Tentative Board Decisions

Tentative Board decisions are provided for those interested in following the Board’s deliberations. All of the reported decisions are tentative and may be changed at future Board meetings.

Wednesday, April 14, 2021 FASB Board Meeting



Leases (Topic 842)—lessors—leases with variable lease payments. The Board completed its redeliberations on the issue of sales-type leases with variable lease payments in the proposed Accounting Standards Update, Leases (Topic 842): Targeted Improvements, and made the following decisions.



The Board decided that a lessor should classify a lease with variable lease payments that do not depend on an index or a rate as an operating lease at lease commencement if:
  1. The lease would have been classified as a sales-type lease or direct financing lease in accordance with the classification criteria in paragraphs 842-10-25-2 and 25-3, respectively.
  2. The lessor would have recognized a selling loss at lease commencement.
Transition and Effective Date



The Board decided the following:
  1. All lessors that have not adopted Topic 842 on or before the fiscal years beginning after December 15, 2021, would follow the transition requirements in paragraph 842-10-65-1.
  2. Lessors that have adopted Topic 842 on or before the fiscal years beginning after December 15, 2021, would have the option to apply the amendments in a final Accounting Standards Update in either of the following ways:
    1. Retrospectively to leases that commence or are modified on or after the adoption of Topic 842
    2. Prospectively to leases that commence or are modified on or after the date that a lessor first applies the amendments in a final Update.
  3. Early adoption is permitted but not before adoption of Topic 842.
Cost-Benefit Analysis



The Board concluded that it has received sufficient information and analysis to make an informed decision on the expected costs of the amendments and that the expected benefits of the amendments would justify the expected costs.



Next Steps



The Board directed the staff to draft an Accounting Standards Update for vote by written ballot.

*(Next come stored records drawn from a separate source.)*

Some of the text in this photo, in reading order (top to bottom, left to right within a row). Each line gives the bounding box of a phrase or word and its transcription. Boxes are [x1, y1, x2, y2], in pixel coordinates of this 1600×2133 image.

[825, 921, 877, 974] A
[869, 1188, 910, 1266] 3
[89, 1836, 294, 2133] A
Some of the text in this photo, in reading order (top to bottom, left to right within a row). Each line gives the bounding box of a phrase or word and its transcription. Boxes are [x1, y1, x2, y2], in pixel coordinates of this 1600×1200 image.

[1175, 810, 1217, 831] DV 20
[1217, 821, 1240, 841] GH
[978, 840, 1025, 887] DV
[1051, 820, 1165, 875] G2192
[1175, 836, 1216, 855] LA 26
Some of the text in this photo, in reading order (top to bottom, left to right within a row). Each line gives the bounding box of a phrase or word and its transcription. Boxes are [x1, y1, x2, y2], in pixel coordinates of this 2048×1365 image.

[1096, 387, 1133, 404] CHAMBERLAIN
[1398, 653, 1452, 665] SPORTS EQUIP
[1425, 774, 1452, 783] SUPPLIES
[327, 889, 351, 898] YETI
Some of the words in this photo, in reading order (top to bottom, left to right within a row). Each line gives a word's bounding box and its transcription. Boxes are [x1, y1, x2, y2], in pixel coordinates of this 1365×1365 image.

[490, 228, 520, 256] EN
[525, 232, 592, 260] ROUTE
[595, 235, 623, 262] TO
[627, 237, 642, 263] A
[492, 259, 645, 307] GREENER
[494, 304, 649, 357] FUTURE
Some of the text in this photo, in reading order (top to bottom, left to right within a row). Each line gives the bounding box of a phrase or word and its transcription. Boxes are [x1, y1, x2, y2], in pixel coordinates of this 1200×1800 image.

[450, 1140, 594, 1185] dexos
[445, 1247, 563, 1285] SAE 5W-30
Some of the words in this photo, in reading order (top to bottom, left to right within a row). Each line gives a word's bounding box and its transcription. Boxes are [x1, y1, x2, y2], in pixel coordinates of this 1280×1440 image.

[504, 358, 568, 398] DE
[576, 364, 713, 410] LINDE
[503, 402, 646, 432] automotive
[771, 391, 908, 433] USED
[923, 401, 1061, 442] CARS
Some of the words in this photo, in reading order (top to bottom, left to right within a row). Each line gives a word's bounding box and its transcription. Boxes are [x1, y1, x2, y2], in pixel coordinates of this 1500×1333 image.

Leases (Topic 842)—discount rate for lessees that are not public business entities. The Board discussed the risk-free discount rate accounting policy election for lessees that are not public business entities in Topic 842, Leases. That election allows lessees that are not public business entities to use a risk-free rate as the discount rate for all leases. The Board made the following decisions. 

 

The Board added a project to its technical agenda to amend the accounting policy election for lessees that are not public business entities to use a risk-free rate as the discount rate.

 

Issue 1

 

The Board decided that a lessee that is not a public business entity may make the risk-free rate accounting policy election by class of underlying asset.



The Board decided to require a lessee to disclose its election, including the asset class to which it has made the accounting policy election.



Issue 2



The Board decided to retain a risk-free rate for the discount rate accounting policy election, rather than another specified rate, such as a corporate bond rate or the prime rate.



Issue 3



The Board decided that a lessee using the discount rate accounting policy election should be required to use the rate implicit in the lease when it is readily determinable instead of the risk-free rate.



Transition and Effective Date 
  1. For a lessee that is not a public business entity that has not adopted Topic 842 as of the issuance of a final Update, the Board decided that the transition and effective date provisions in paragraph 842-10-65-1 would apply.
  2. For a lessee that is not a public business entity that has adopted Topic 842 as of the issuance of a final Update, the Board decided to require the use of a modified retrospective transition method. That transition method would require a lessee to:
    1. Remeasure affected lease liabilities and right-of-use assets for existing leases at the beginning of the period of adoption and record the cumulative effect of transition in retained earnings
    2. Calculate the transition adjustment using the discount rate and remaining lease term as of the adoption date
    3. Not otherwise remeasure or reclassify leases as a result of transition
    4. Disclose the fact that the amendments have been adopted and the amount of the transition adjustment.
  3. For a lessee that is not a public business entity that has adopted Topic 842 as of the issuance of a final Update, the Board decided that the amendments should be effective for annual reporting periods beginning after December 15, 2021, including interim reporting periods beginning after December 15, 2022, with early application permitted.
Cost-Benefit Analysis and Comment Period



The Board concluded that it has received sufficient information and analyses to make informed decisions on the issues presented and that, subject to what it learns through comment letters, the expected benefits of the amendments would justify the expected costs.



The Board decided to provide a 30-day comment period for the proposed Accounting Standards Update.



Next Steps



The Board directed the staff to draft a proposed Accounting Standards Update for vote by written ballot.





Simplifying the balance sheet classification of debt. The Board discussed comments received on and redeliberated the proposed amendments in its January 2017 proposed Accounting Standards Update and its September 2019 proposed Accounting Standards Update (Revised), Debt (Topic 470): Simplifying the Classification of Debt in a Classified Balance Sheet (Current versus Noncurrent). 



The Board removed the project from its technical agenda.

 

Next Steps



The Board directed the staff to solicit input from investors and other stakeholders, as part of the FASB’s Agenda Consultation research project, on the need for and prioritization of potential improvements to current versus noncurrent classification of assets and/or liabilities in a classified balance sheet.